Give the data again word for word; drop the pictures.

==== DATA FOR REVIEW ====

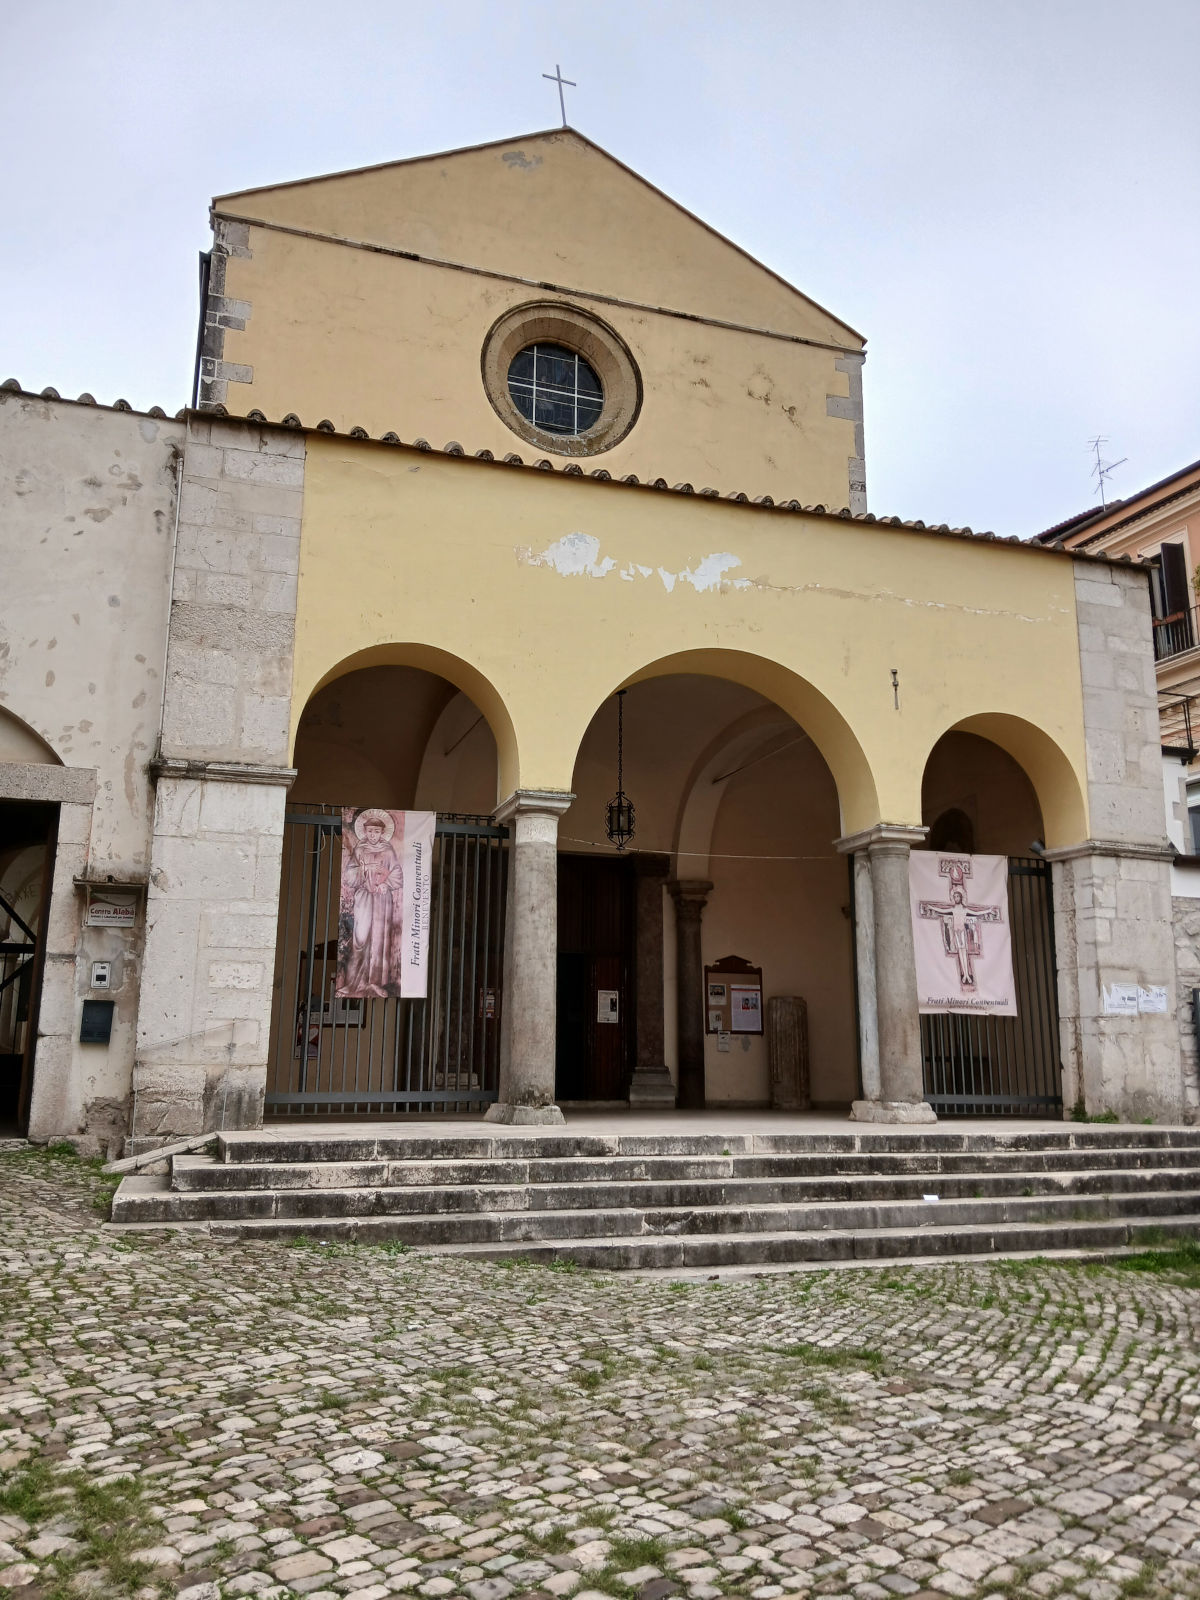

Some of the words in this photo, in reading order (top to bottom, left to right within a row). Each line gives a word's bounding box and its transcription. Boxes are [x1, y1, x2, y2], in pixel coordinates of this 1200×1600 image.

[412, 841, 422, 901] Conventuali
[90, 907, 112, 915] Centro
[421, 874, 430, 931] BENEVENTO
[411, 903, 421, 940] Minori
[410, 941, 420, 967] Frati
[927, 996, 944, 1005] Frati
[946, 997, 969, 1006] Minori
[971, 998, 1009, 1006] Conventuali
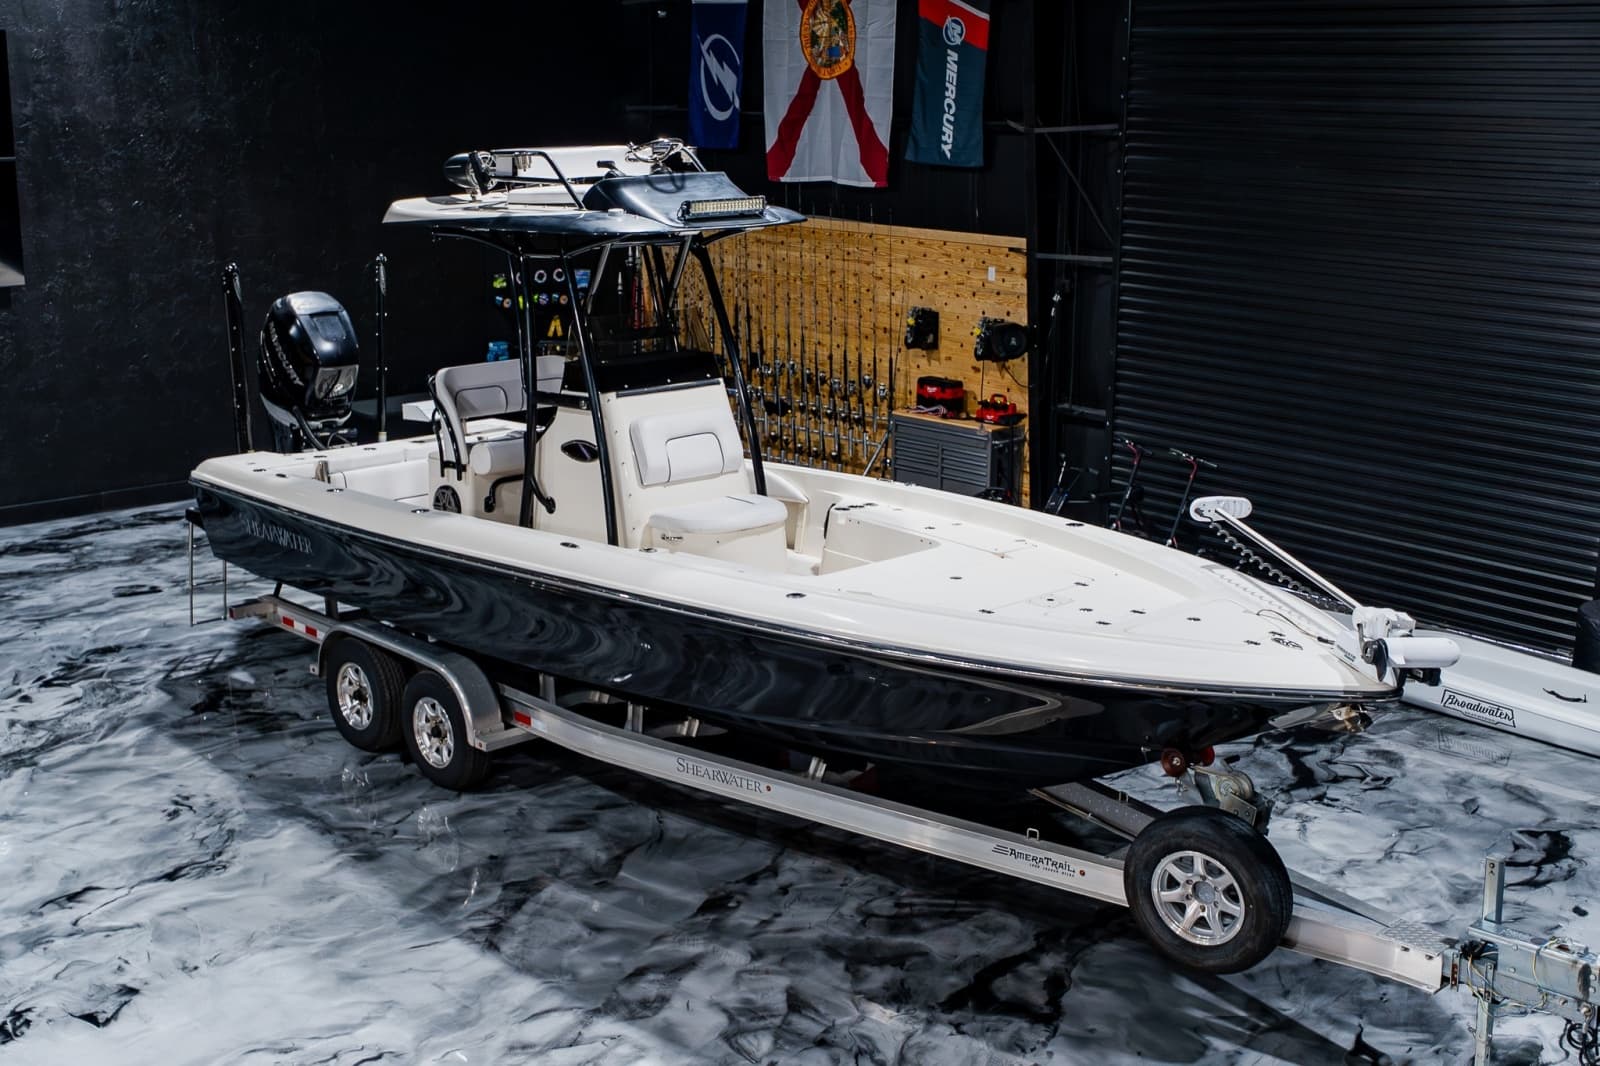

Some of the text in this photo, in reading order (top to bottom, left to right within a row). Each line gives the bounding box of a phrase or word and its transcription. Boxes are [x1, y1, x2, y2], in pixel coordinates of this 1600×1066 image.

====

_REPLY:_
Some of the words in this photo, in reading order (top to bottom, left to right within a row). Each line gives a word's bounding box and its transcription. Boxes are [x1, y1, x2, y2], in pixel coordinates of this 1200×1600 image.

[412, 841, 422, 901] Conventuali
[90, 907, 112, 915] Centro
[421, 874, 430, 931] BENEVENTO
[411, 903, 421, 940] Minori
[410, 941, 420, 967] Frati
[927, 996, 944, 1005] Frati
[946, 997, 969, 1006] Minori
[971, 998, 1009, 1006] Conventuali

Some of the text in this photo, in reading order (top to bottom, left to right within a row). Each line gives the bounding box of a phrase or word and its transcription. Boxes are [x1, y1, x2, y2], in pixel coordinates of this 1600×1066 image.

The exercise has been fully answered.